------ Information provided ------

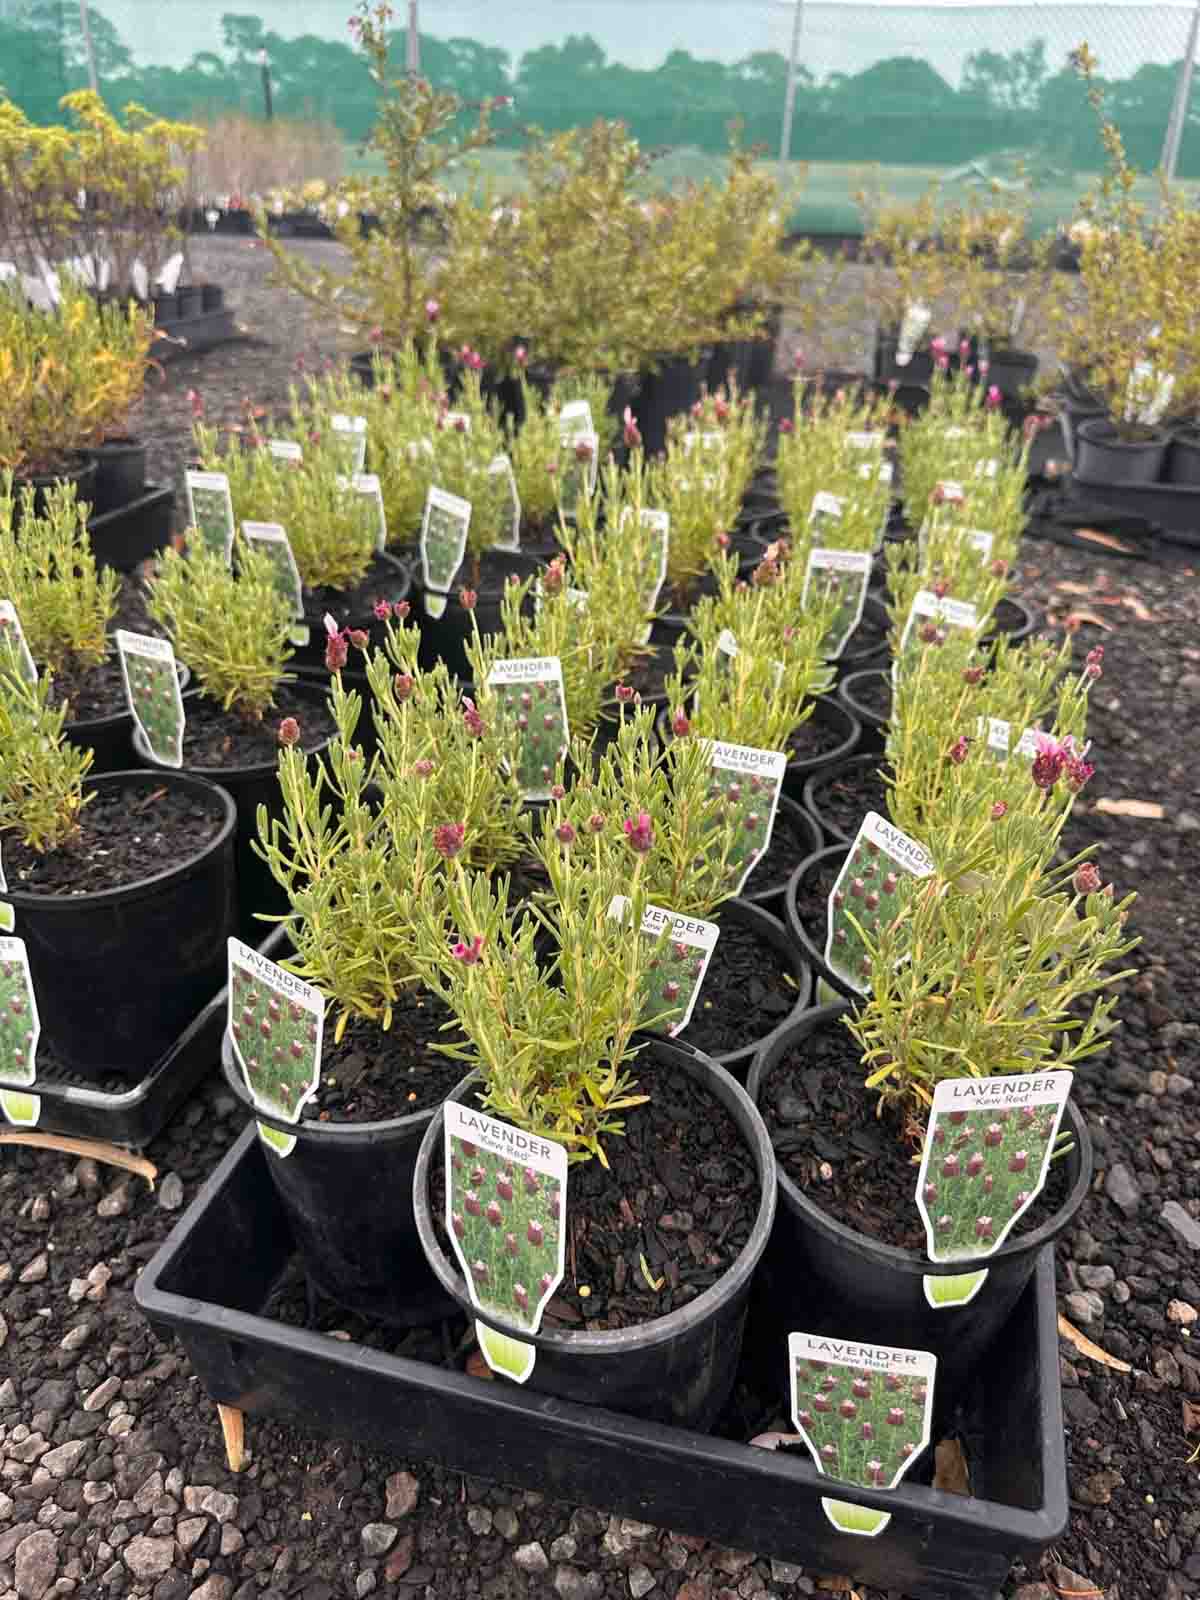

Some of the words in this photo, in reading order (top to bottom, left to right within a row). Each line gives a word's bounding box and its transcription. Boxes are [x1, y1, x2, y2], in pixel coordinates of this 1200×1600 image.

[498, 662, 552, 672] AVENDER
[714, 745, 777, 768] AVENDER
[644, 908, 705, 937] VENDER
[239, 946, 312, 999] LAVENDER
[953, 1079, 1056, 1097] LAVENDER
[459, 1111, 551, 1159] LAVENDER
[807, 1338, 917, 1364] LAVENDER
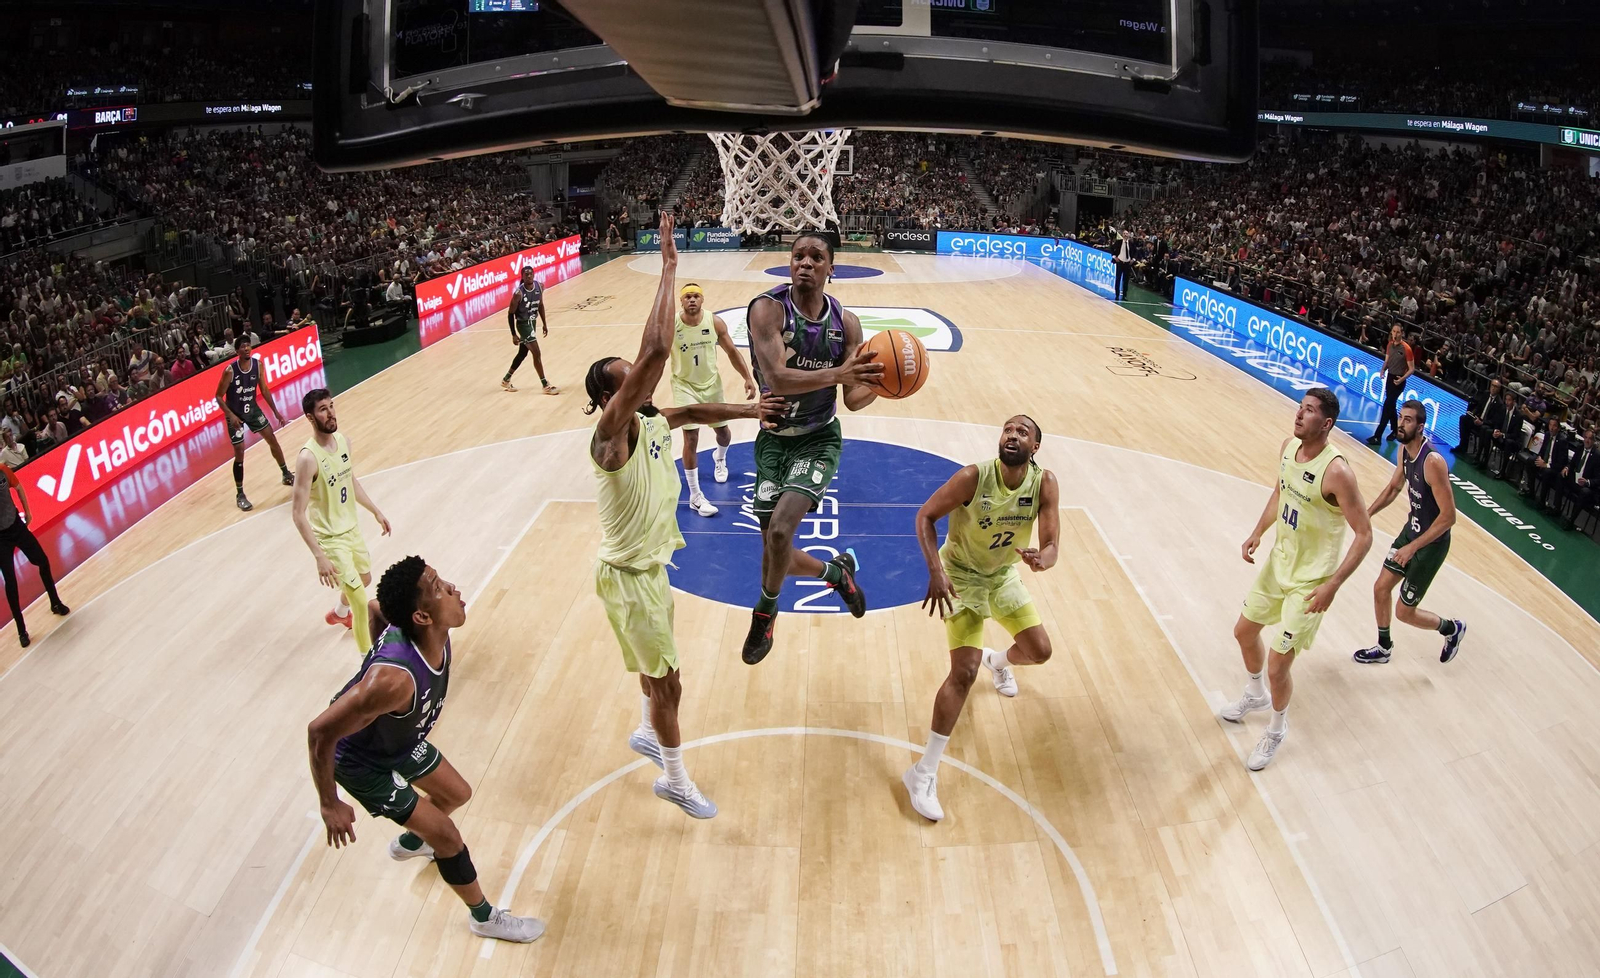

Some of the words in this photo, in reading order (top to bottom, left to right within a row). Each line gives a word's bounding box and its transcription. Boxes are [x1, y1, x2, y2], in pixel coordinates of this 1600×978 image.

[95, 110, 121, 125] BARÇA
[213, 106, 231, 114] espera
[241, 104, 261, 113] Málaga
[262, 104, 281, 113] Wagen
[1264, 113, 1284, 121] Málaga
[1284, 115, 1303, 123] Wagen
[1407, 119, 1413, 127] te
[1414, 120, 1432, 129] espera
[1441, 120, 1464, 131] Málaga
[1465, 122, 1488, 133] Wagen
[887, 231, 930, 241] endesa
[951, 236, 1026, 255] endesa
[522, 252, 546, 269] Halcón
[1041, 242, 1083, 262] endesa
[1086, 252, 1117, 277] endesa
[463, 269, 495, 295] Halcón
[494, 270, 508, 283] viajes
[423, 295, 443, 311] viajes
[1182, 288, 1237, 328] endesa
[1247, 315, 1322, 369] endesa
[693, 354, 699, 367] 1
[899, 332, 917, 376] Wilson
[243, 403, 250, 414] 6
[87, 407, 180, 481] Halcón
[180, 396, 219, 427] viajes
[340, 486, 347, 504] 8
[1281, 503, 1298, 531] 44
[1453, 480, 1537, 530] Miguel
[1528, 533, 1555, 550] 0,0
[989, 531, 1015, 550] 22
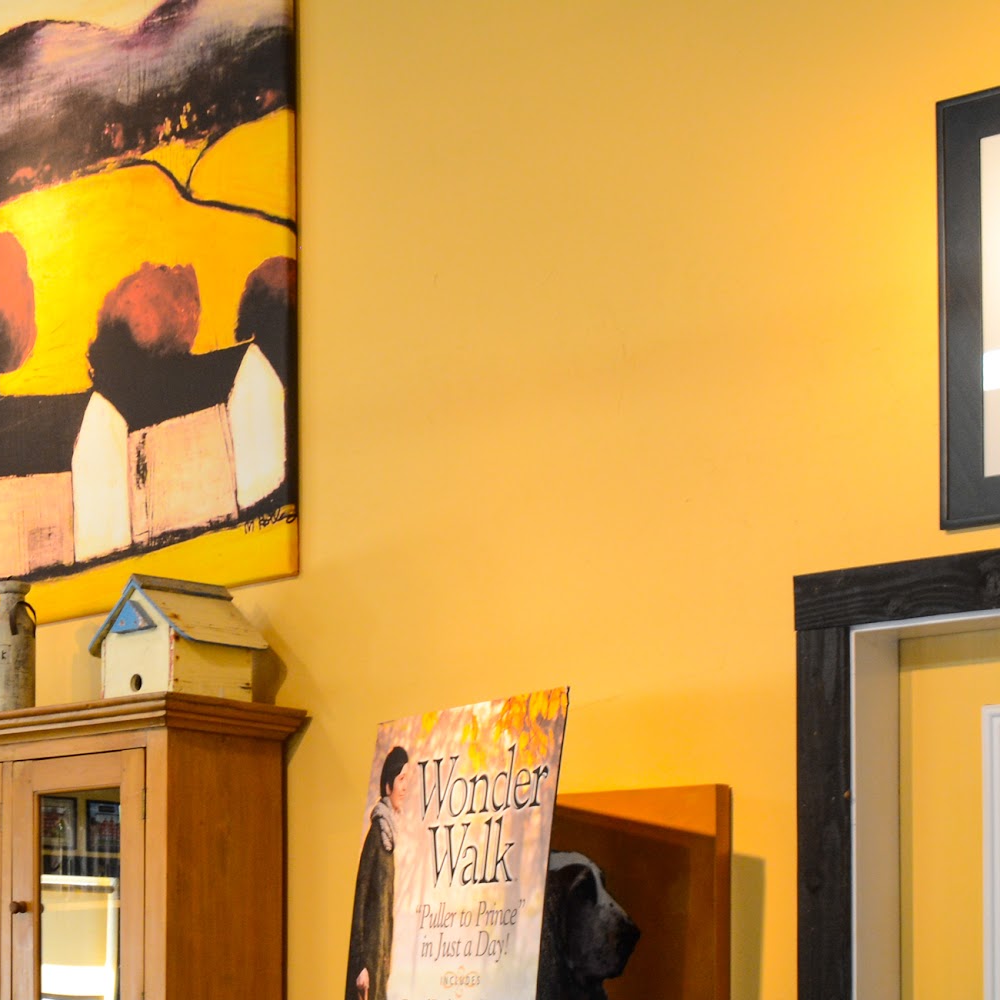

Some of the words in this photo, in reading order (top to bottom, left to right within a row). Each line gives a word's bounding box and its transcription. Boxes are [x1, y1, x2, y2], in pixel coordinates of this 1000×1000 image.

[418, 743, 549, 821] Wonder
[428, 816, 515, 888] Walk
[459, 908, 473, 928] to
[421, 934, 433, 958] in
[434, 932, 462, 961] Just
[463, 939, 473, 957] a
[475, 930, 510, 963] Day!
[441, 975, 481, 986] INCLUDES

------

**Instructions for the task**. Without any pictures, transcribe the listing above exactly as written.

**Task solution**.
Some of the words in this photo, in reading order (top to bottom, left to right within a row). Each line gives a word's bounding box and its transcription. Boxes are [x1, y1, x2, y2], in pixel coordinates of this 1200×1600 image.

[498, 662, 552, 672] AVENDER
[714, 745, 777, 768] AVENDER
[644, 908, 705, 937] VENDER
[239, 946, 312, 999] LAVENDER
[953, 1079, 1056, 1097] LAVENDER
[459, 1111, 551, 1159] LAVENDER
[807, 1338, 917, 1364] LAVENDER

Some of the words in this photo, in reading order (top to bottom, left to right within a row). Each line gives a word's bounding box and its transcription. Boxes are [x1, y1, x2, y2], in pixel coordinates of this 1600×978 image.

[95, 110, 121, 125] BARÇA
[213, 106, 231, 114] espera
[241, 104, 261, 113] Málaga
[262, 104, 281, 113] Wagen
[1264, 113, 1284, 121] Málaga
[1284, 115, 1303, 123] Wagen
[1407, 119, 1413, 127] te
[1414, 120, 1432, 129] espera
[1441, 120, 1464, 131] Málaga
[1465, 122, 1488, 133] Wagen
[887, 231, 930, 241] endesa
[951, 236, 1026, 255] endesa
[522, 252, 546, 269] Halcón
[1041, 242, 1083, 262] endesa
[1086, 252, 1117, 277] endesa
[463, 269, 495, 295] Halcón
[494, 270, 508, 283] viajes
[423, 295, 443, 311] viajes
[1182, 288, 1237, 328] endesa
[1247, 315, 1322, 369] endesa
[693, 354, 699, 367] 1
[899, 332, 917, 376] Wilson
[243, 403, 250, 414] 6
[87, 407, 180, 481] Halcón
[180, 396, 219, 427] viajes
[340, 486, 347, 504] 8
[1281, 503, 1298, 531] 44
[1453, 480, 1537, 530] Miguel
[1528, 533, 1555, 550] 0,0
[989, 531, 1015, 550] 22

Some of the words in this photo, in reading order (top to bottom, left to right within a row). Each line gives a word's bounding box and its transcription. Boxes are [x1, y1, x2, y2], in pixel coordinates of this 1000×1000 image.

[418, 743, 549, 821] Wonder
[428, 816, 515, 888] Walk
[459, 908, 473, 928] to
[421, 934, 433, 958] in
[434, 932, 462, 961] Just
[463, 939, 473, 957] a
[475, 930, 510, 963] Day!
[441, 975, 481, 986] INCLUDES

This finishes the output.